A theoretical study on the role of eddy-mean flow interactions in the time-mean dynamics of a zonally evolving, unstable, strongly inertial jet in a configuration and parameter regime that is relevant to oceanic western boundary current (WBC) jets is described. Progress is made by diagnosing the eddy effect on the time-mean circulation, examining the mechanism that permits the eddies to drive the time-mean recirculation gyres, and exploring the dependence of the eddy effect on system parameters. It is found that the nature of the eddy-mean flow interactions in this idealized configuration is critically dependent on along-stream position, in particular relative to the along-stream evolving stability properties of the time-mean jet.

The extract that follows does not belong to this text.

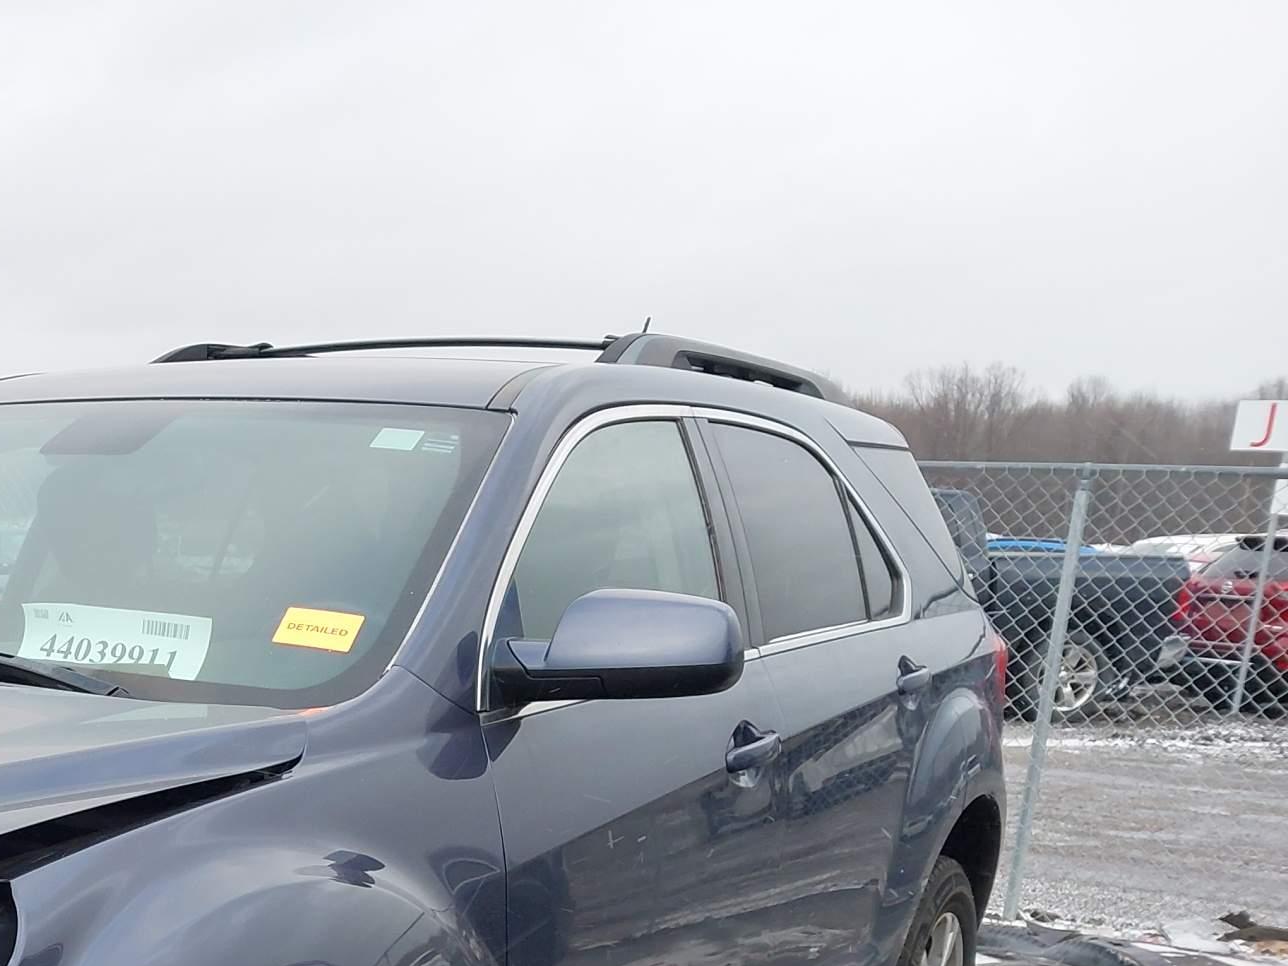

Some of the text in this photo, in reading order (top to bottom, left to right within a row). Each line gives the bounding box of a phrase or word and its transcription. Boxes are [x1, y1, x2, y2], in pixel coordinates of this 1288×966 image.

[1249, 402, 1278, 448] J
[286, 622, 349, 637] DETAILED
[39, 632, 178, 672] 44039911

Just after separation from the western boundary, eddies act to stabilize the jet through downgradient fluxes of potential vorticity (PV). Downstream of where the time-mean jet has (through the effect of the eddies) been stabilized, eddies act to drive the time-mean recirculations through the mechanism of an upgradient PV flux. This upgradient flux is permitted by an eddy enstrophy convergence downstream of jet stabilization, which results from the generation of eddies in the upstream region where the jet is unstable, the advection of that eddy activity along stream by the jet, and the dissipation of the eddies in the region downstream of jet stabilization. It is in this region of eddy decay that eddies drive the time-mean recirculations through the mechanism of nonlinear eddy rectification, resulting from the radiation of waves from a localized region. It is found that similar mechanisms operate in both barotropic and baroclinic configurations, although differences in the background PV gradient on which the eddies act implies that the recirculation-driving mechanism is more effective in the baroclinic case. This study highlights the important roles that eddies play in the idealized WBC jet dynamics considered here of stabilizing the jet and driving the flanking recirculations. In the absence of eddy terms, the magnitude of the upper-ocean jet transport would be significantly less and the abyssal ocean recirculations (and their significant enhancement to the jet transport) would be missing altogether.